Ich habe die Ursache gefunden. Es ist der Virenscanner. 
Bei mir läuft G Data AntiVirus, und wenn ich den deaktiviere läuft die Sache reibungslos. Vieleicht hat jemand eine Idee warum dass so ist? Ich kann doch nicht immer den Antivirus deaktivieren?.

Grüße 

Marz


----------



## MiDniGG (27. Mrz 2008)

Naja. Also wir ham hier im Geschäft au so nen "tollen" Scanner und wenn der meint er muss ma testen hängt alles... Aber eigentlich sollte das nicht nur den JFileChooser betreffen... Und ich denk dein GData macht auch kein Komplettscan, oder?! Hast du es schon mit einer anderen jdk-version probiert?


----------



## Marz (27. Mrz 2008)

Hallo

ich habe das jdk auf Version 6.0 heruntergenommen.

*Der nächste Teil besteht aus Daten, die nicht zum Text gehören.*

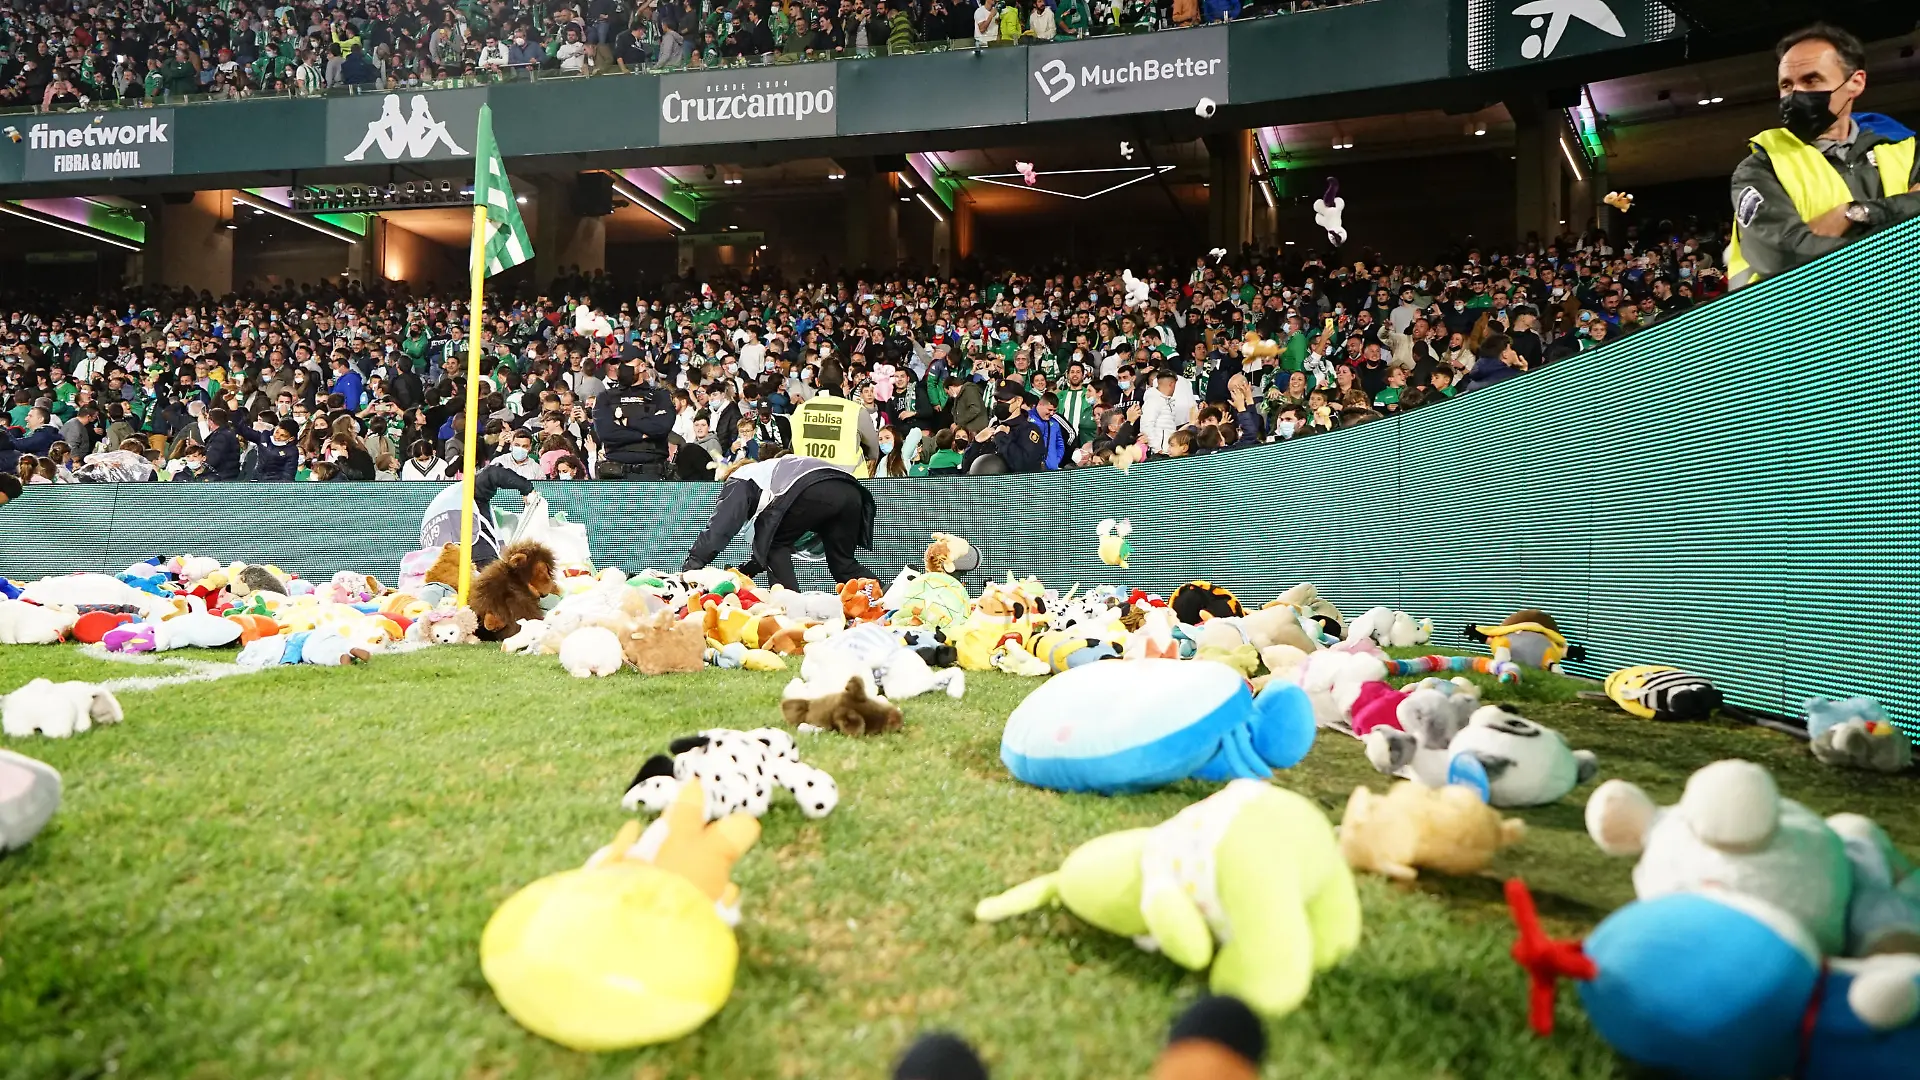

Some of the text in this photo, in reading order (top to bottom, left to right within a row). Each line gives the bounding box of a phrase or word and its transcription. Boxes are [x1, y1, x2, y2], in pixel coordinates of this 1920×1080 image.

Mit dieser Version läufts auf meinem Desktop PC (auch mit dem Antivirus).

Ohne Erfolg.

Werde mal mit dem Hersteller von dem tollen Tool telefonieren...

Marz

Achso, der Scanner macht auch keinen komplettscan


----------



## MiDniGG (27. Mrz 2008)

Was für en System läuft denn auf dem Lappi???


----------



## Marz (27. Mrz 2008)

da läuft ein xp prof. drauf

aber vor ein paar Tagen lief's ja noch. irgendwas muss anders sein. Hab nur leider überhaupt keine Ahnung was ich verstellt haben soll

Marz


----------



## MiDniGG (27. Mrz 2008)

Ups. Meinte was der Lappi für ein System hat. Also Hardware.

Aber scheint ja wirklich irrelevant zu sein...

Puuh. Echt ne gute Frage...

Also nur um noch mal alles zusammenzufassen.

Du hast jetzt auf beiden Rechnern die selbe J*R*E-Version. Versuch doch trotzdem mal die 1.6.3 aufm Laptop...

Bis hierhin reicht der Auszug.